He argued the evidence was new, material, and would have changed the outcome of trial.
¶ 19 Smooth Rivers’s affidavit stated that he previously lied when he testified at defendant’s
trial because he did not enter the shed and actually observed the events. He stated after the verbal
exchange between defendant and Lawrence, he and defendant went around the side of the house
toward the garage to smoke weed. While he was standing with defendant, Lawrence walked toward
6 them with a gun raised pointed at defendant. Lawrence tripped and dropped the gun, and Rivers
told defendant, “he trying to kill you bro.” Defendant rushed and picked up the gun, and Lawrence
got onto his feet and continued walking toward defendant while stating, “You want to talk s***
you ain’t going do s***.” Defendant looked scared, shot Lawrence, dropped the gun, and left.

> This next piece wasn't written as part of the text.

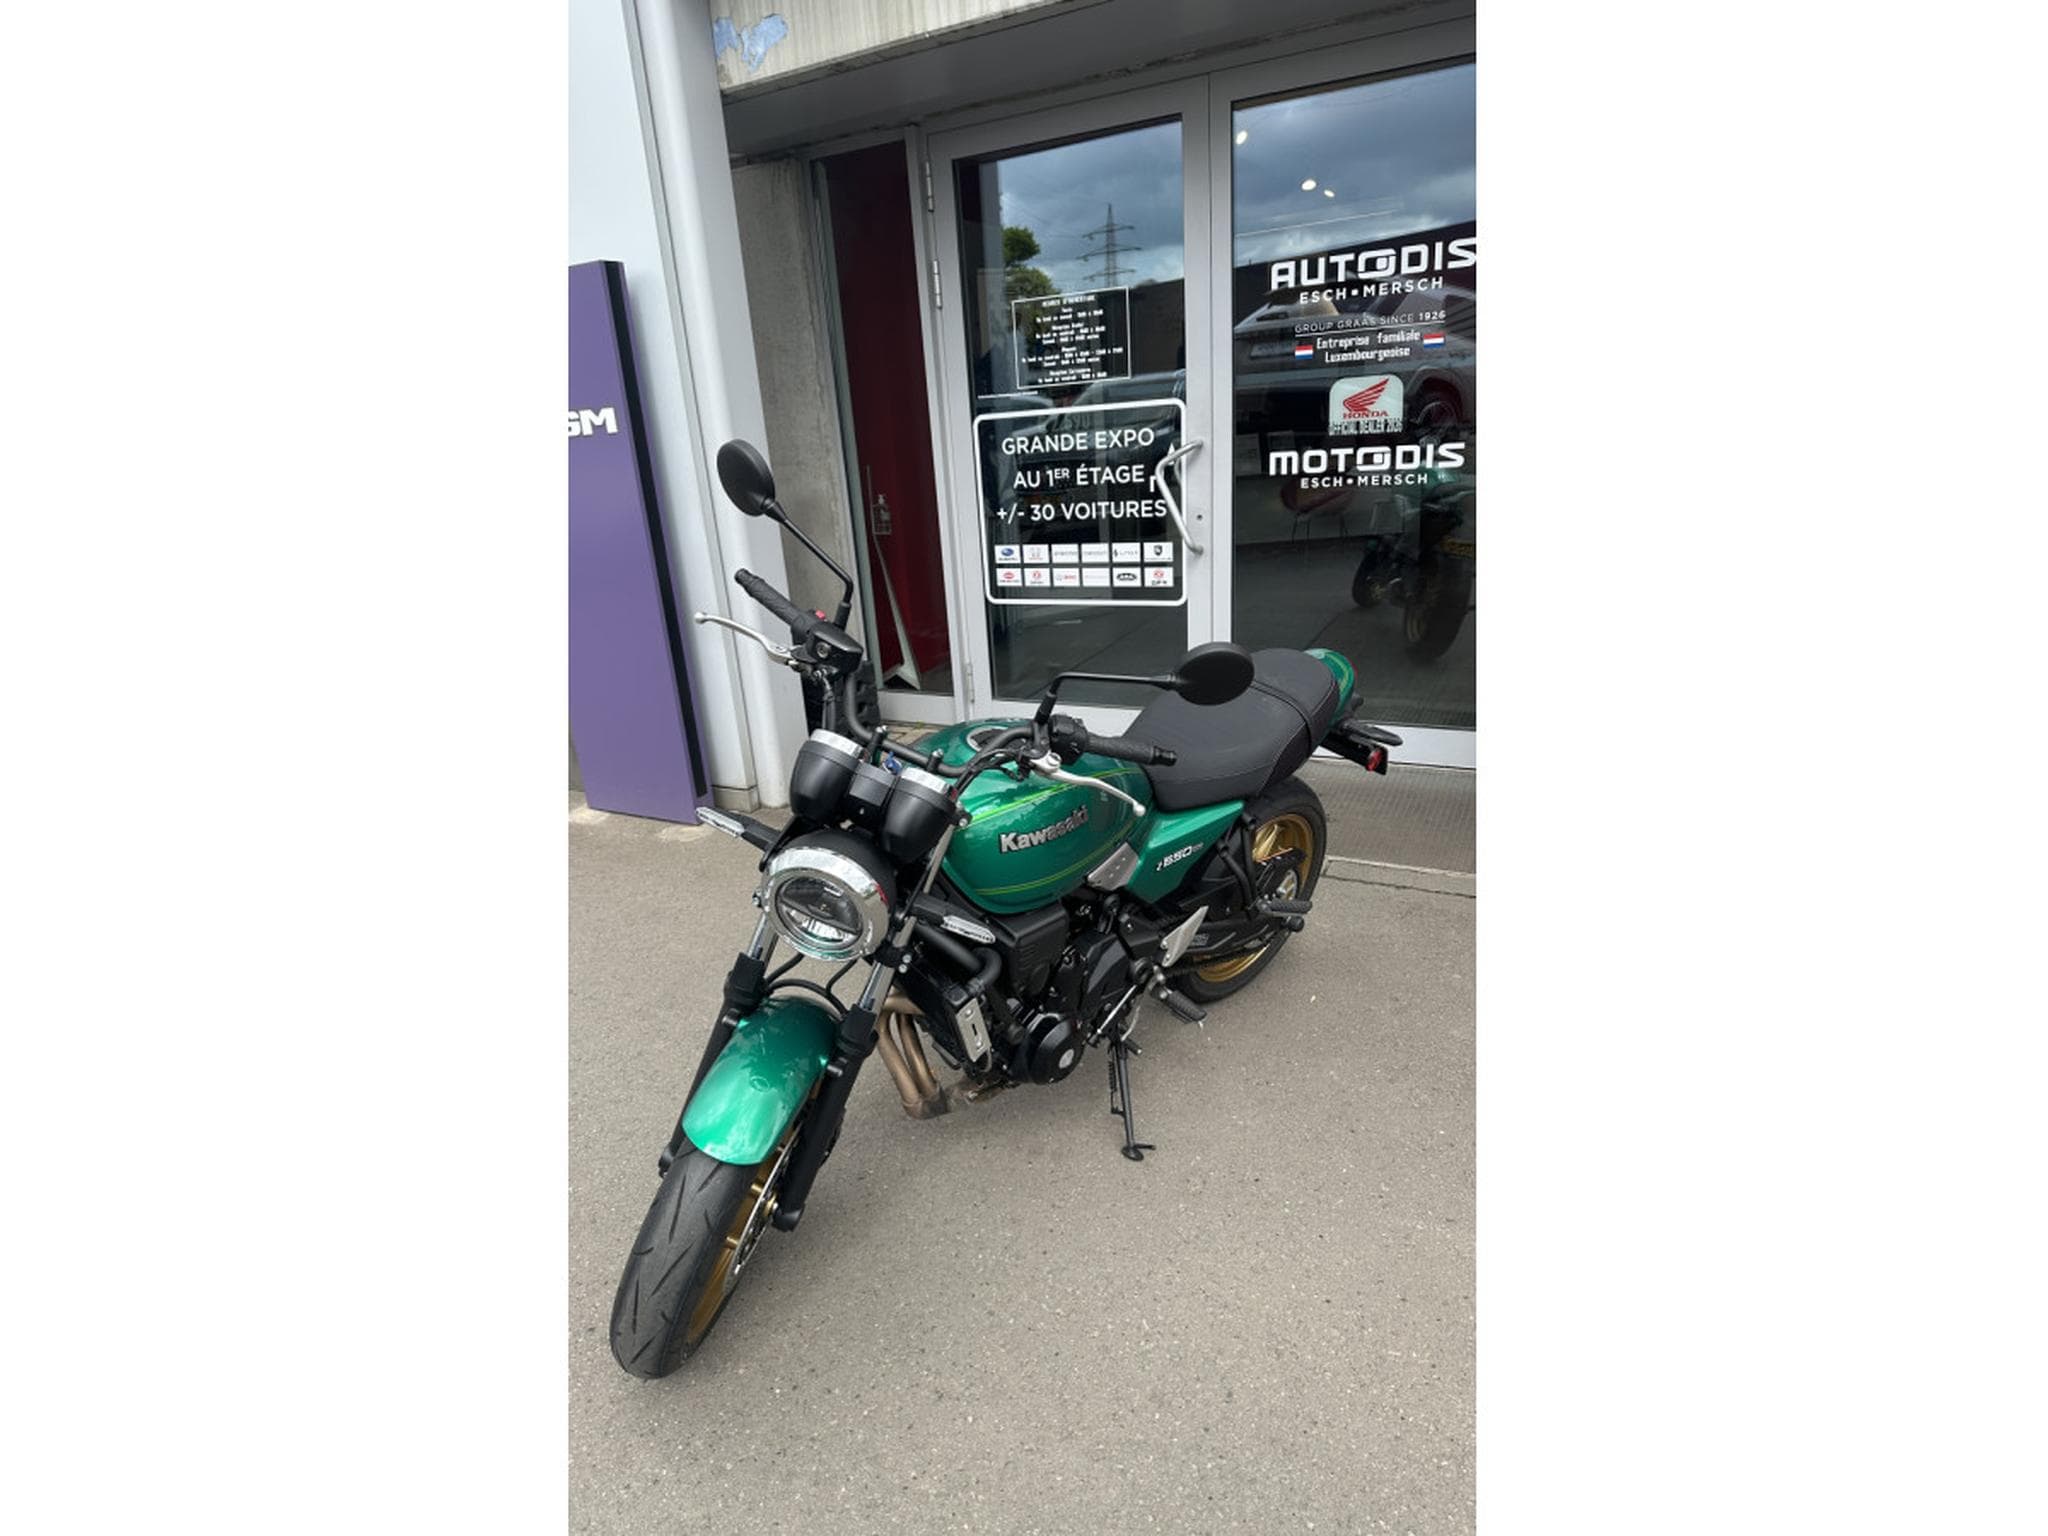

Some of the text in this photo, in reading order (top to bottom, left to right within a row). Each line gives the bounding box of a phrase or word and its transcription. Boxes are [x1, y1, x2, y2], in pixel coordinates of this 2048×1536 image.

Rivers stated he did not want to tell the truth at defendant’s trial because he was afraid of getting
into trouble and was threatened by Lawrence and his acquaintances. He further averred that after
Lawrence was shot, defendant’s house was shot in retaliation which only increased his fear. He
was now coming forward because he could not let his friend spend his whole life in prison.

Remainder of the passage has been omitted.